Work instruction. Reproduce the data exactly as given, except for any images.

Exercise data.
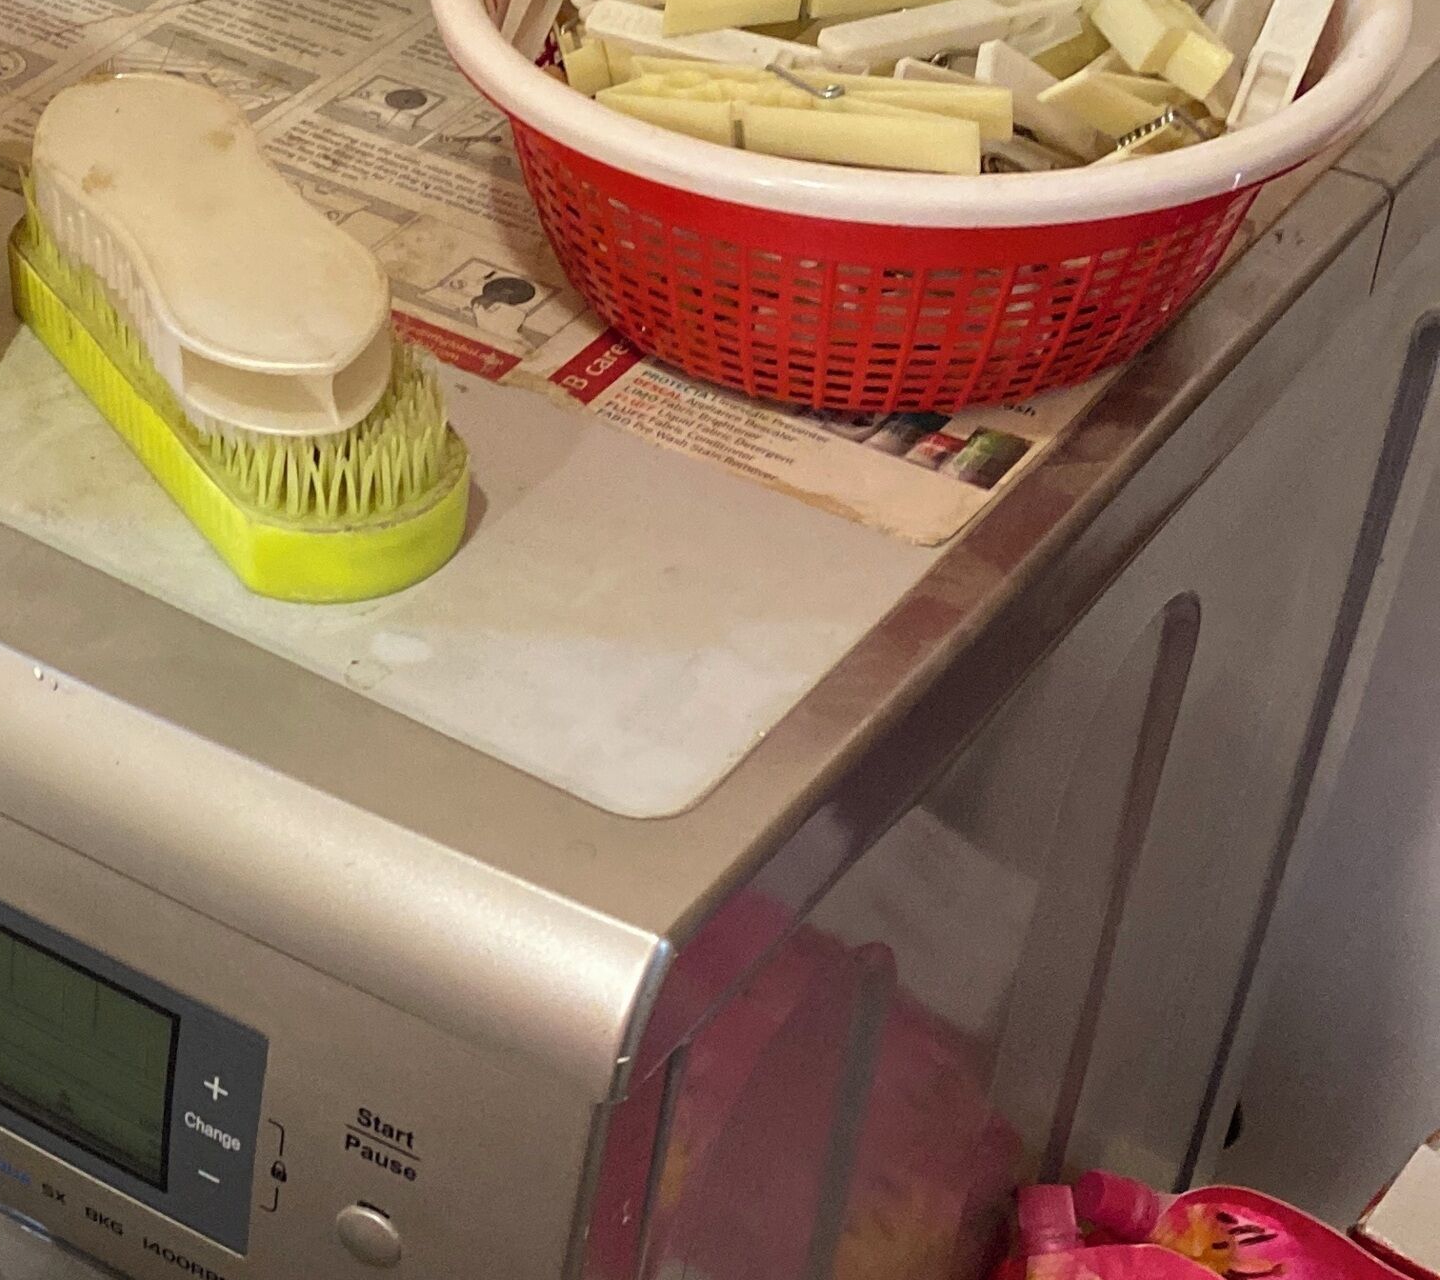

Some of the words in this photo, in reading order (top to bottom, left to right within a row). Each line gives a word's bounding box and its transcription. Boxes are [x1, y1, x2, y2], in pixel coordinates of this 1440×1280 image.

[183, 1110, 242, 1152] Change
[357, 1106, 414, 1151] Start
[344, 1132, 418, 1182] Pause
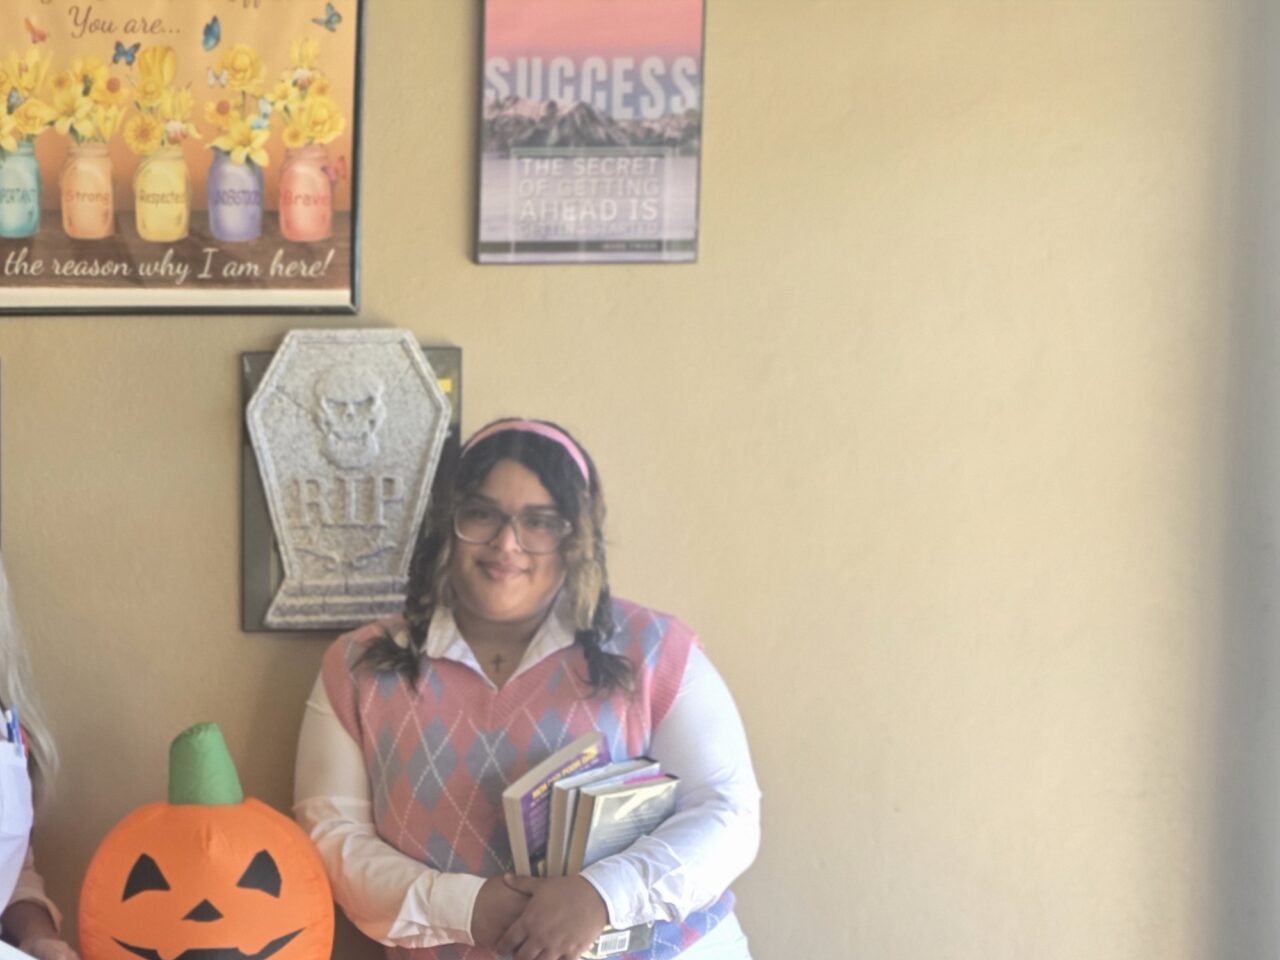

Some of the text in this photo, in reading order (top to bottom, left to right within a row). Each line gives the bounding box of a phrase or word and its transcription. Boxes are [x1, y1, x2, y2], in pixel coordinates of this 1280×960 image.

[68, 5, 181, 38] You are...
[486, 55, 699, 120] SUCCESS
[522, 157, 658, 176] THE SECRET
[66, 189, 110, 206] Strong
[520, 178, 659, 197] OF GETTING
[520, 198, 658, 221] AHEAD IS
[4, 247, 45, 276] the
[52, 259, 132, 276] reason
[138, 248, 192, 285] why
[198, 248, 219, 279] I
[222, 260, 262, 277] am
[270, 248, 335, 278] here!
[292, 476, 405, 527] RIP

Expected answer.
Some of the words in this photo, in reading order (top to bottom, left to right within a row). Each line gives a word's bounding box and its transcription. Boxes are [x1, y1, x2, y2], in pixel coordinates of this 1440×1280 image.

[183, 1110, 242, 1152] Change
[357, 1106, 414, 1151] Start
[344, 1132, 418, 1182] Pause

Some of the text in this photo, in reading order (top to bottom, left to right within a row). Each line gives the bounding box of a phrase or word and its transcription. Boxes are [x1, y1, x2, y2], in pixel coordinates of this 1280×960 image.

[68, 5, 181, 38] You are...
[486, 55, 699, 120] SUCCESS
[522, 157, 658, 176] THE SECRET
[66, 189, 110, 206] Strong
[520, 178, 659, 197] OF GETTING
[520, 198, 658, 221] AHEAD IS
[4, 247, 45, 276] the
[52, 259, 132, 276] reason
[138, 248, 192, 285] why
[198, 248, 219, 279] I
[222, 260, 262, 277] am
[270, 248, 335, 278] here!
[292, 476, 405, 527] RIP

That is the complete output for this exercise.